Debt Offering Announcement
- Five9 is raising $650 million through a private placement of convertible senior notes.
- The offering was upsized from an initial $600 million due to strong demand.
- The company has granted the initial purchasers an option to purchase an additional $97.5 million in notes.
Capital Raise Announcement
- Five9 is proposing a $600 million convertible senior notes offering.
- The company is also in discussions for a potential revolving credit facility of up to $200 million.
Annual Results
- The company may not be able to secure additional financing on favorable terms, or at all, to meet its future capital needs.
- The company may require additional capital to respond to business opportunities, challenges, acquisitions, a decline in sales, increased regulatory obligations or unforeseen circumstances and may engage in equity or debt financings or enter into credit facilities.
Annual Results
- The company's net loss increased from $53.0 million in 2021 to $81.8 million in 2023.
- The company's Annual Dollar-Based Retention Rate decreased from 115% in 2022 to 110% in 2023.
Quarterly Report
- The company's full-year revenue of $910 million exceeded expectations.
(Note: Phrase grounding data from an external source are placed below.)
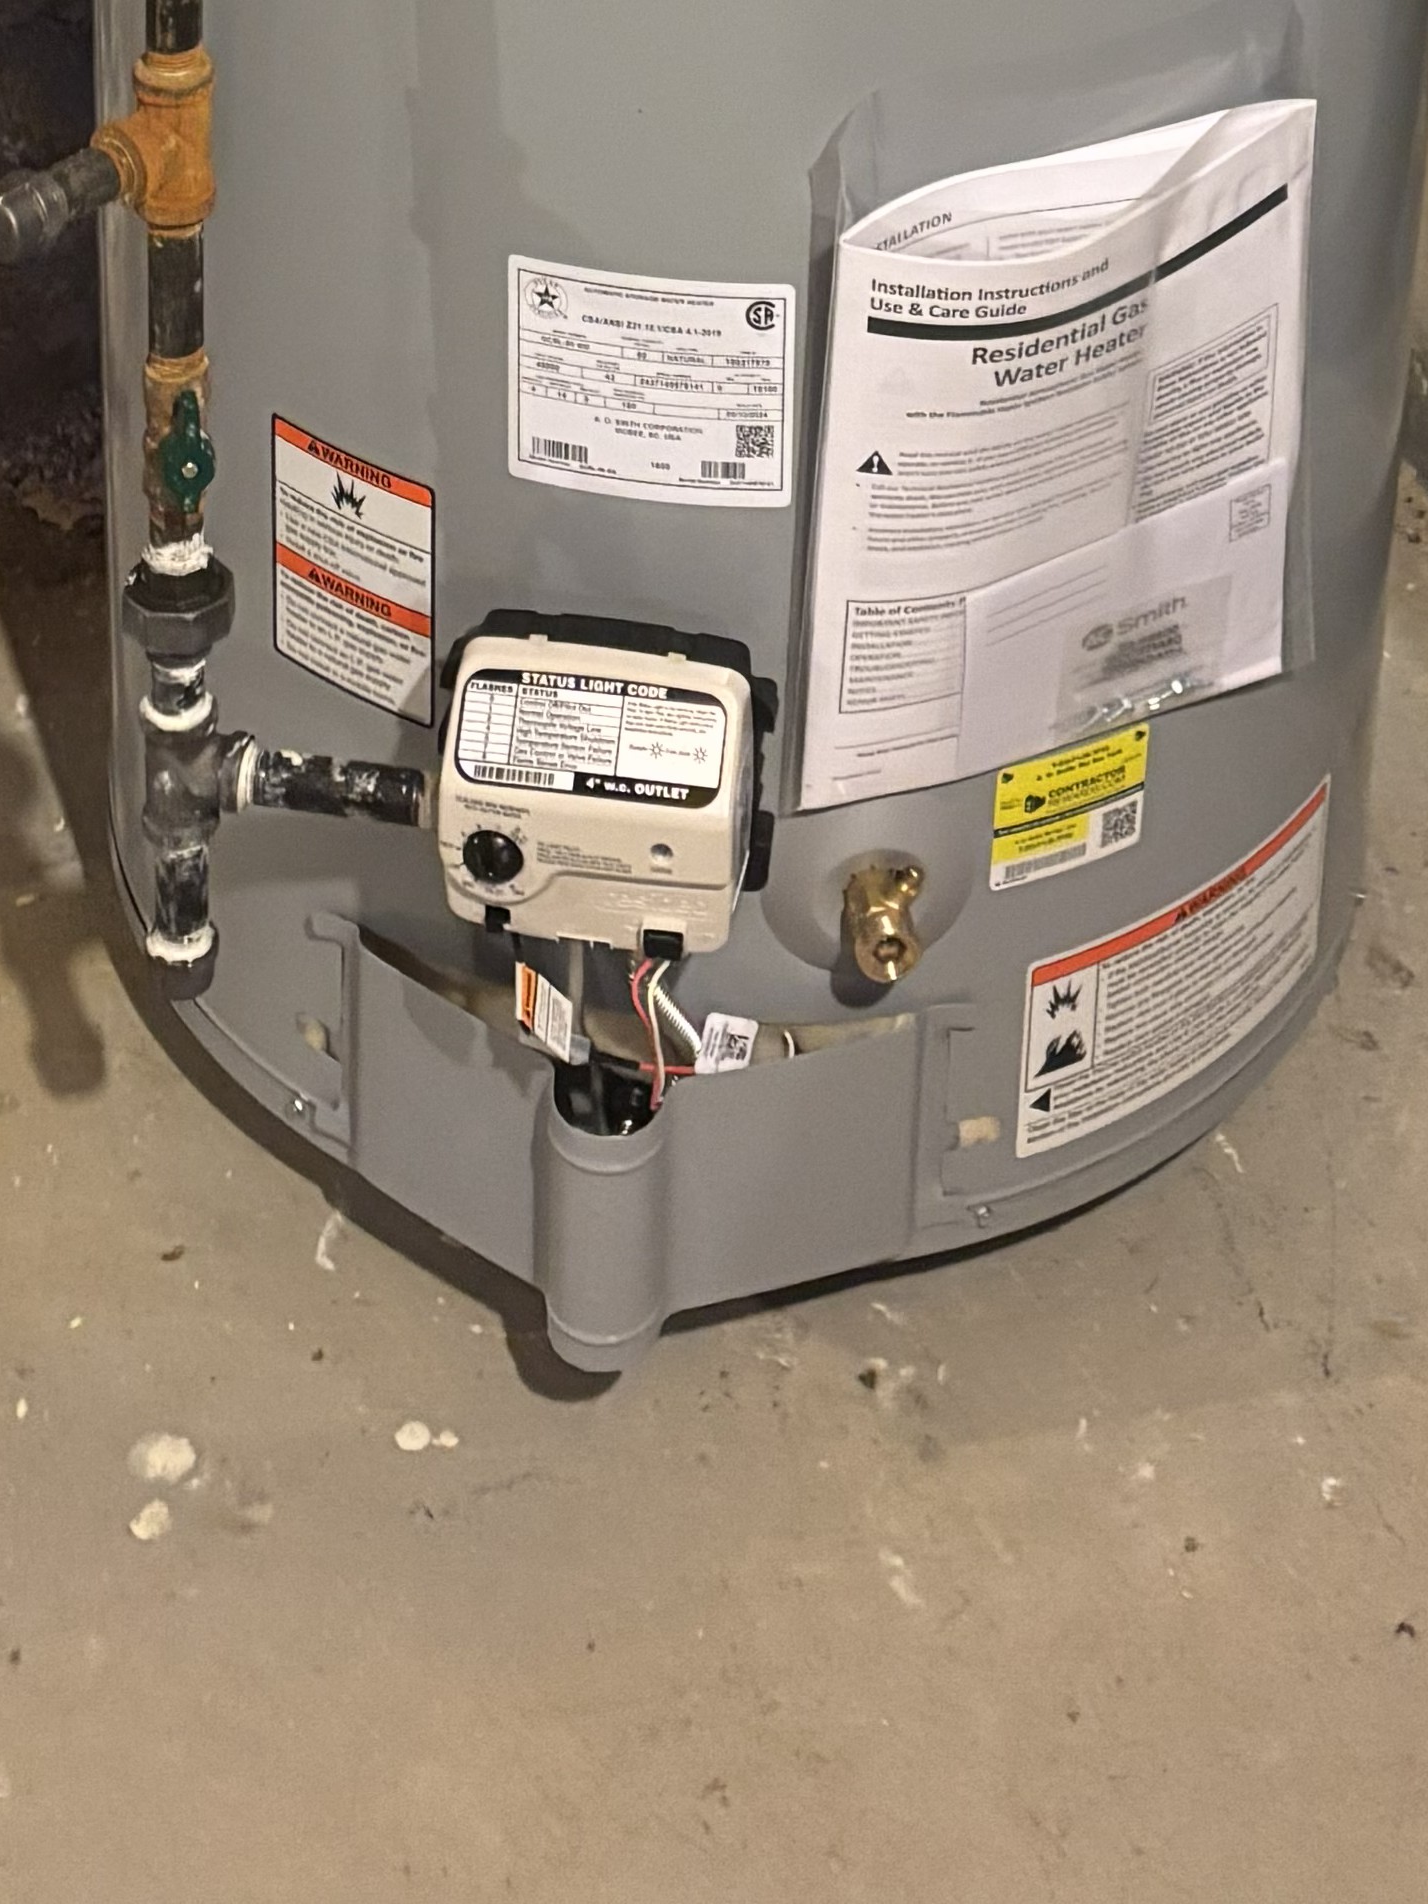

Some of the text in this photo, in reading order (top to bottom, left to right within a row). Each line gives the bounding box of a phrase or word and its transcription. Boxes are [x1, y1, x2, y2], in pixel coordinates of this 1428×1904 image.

[872, 257, 1110, 302] Installation Instructions and
[870, 296, 1027, 318] Use & Care Guide
[972, 297, 1150, 365] Residential Gas
[994, 354, 1068, 388] Water
[1074, 323, 1149, 366] Heater
[322, 449, 392, 489] WARNING
[322, 575, 392, 617] WARNING
[854, 605, 885, 617] Table
[889, 605, 902, 616] of
[522, 671, 668, 700] STATUS LIGHT CODE
[522, 688, 559, 698] STATUS
[634, 783, 689, 800] OUTLET
- The 25% growth in enterprise subscription revenue was a positive surprise.
- The GAAP net loss improved year-over-year, indicating better than expected cost management.
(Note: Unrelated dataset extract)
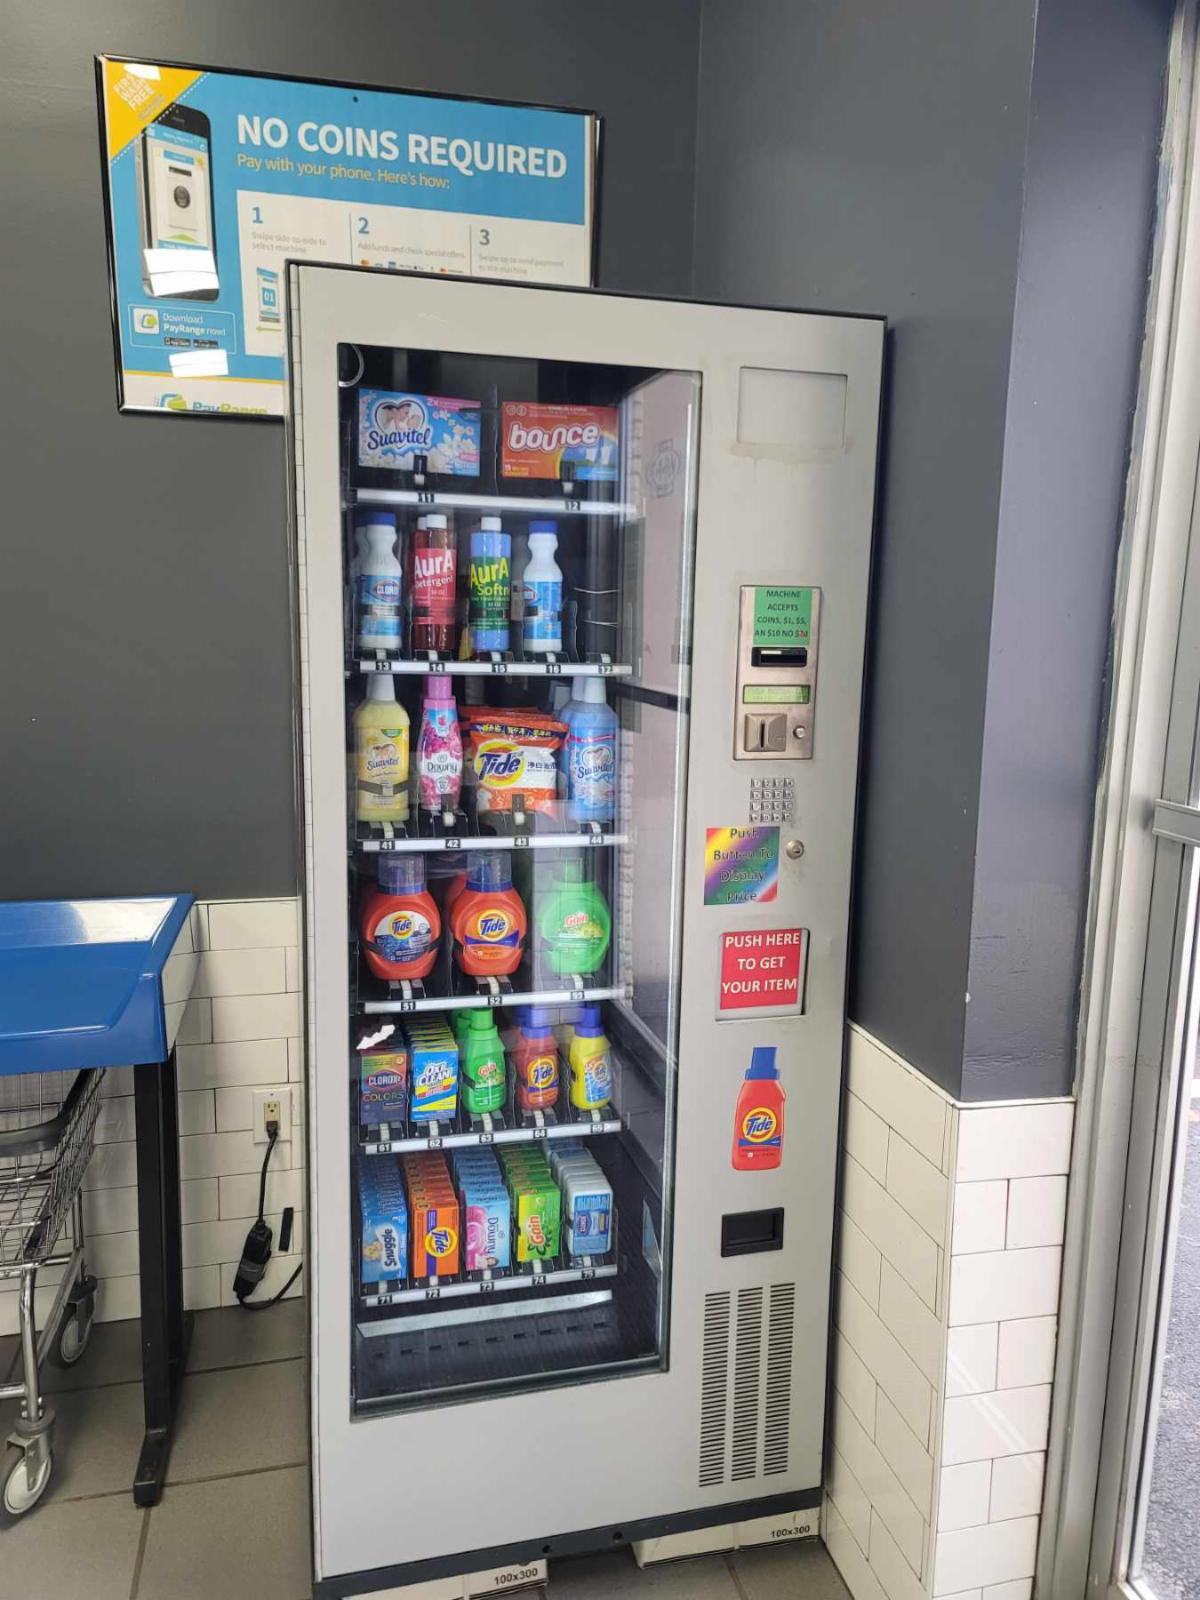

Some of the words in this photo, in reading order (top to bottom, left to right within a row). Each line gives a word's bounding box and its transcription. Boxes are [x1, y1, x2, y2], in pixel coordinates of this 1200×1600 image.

- The company's cash flow from operations increased significantly year-over-year, exceeding expectations.
Disclaimer: This summary was generated by artificial intelligence and its accuracy is not guaranteed. The information provided here is for general informational purposes only and does not constitute financial advice, recommendation, or endorsement of any kind. It may contain errors or omissions. You should not rely on this information to make financial decisions. Always seek the advice of a qualified financial professional before making any investment or financial decisions. Use of this information is at your own risk.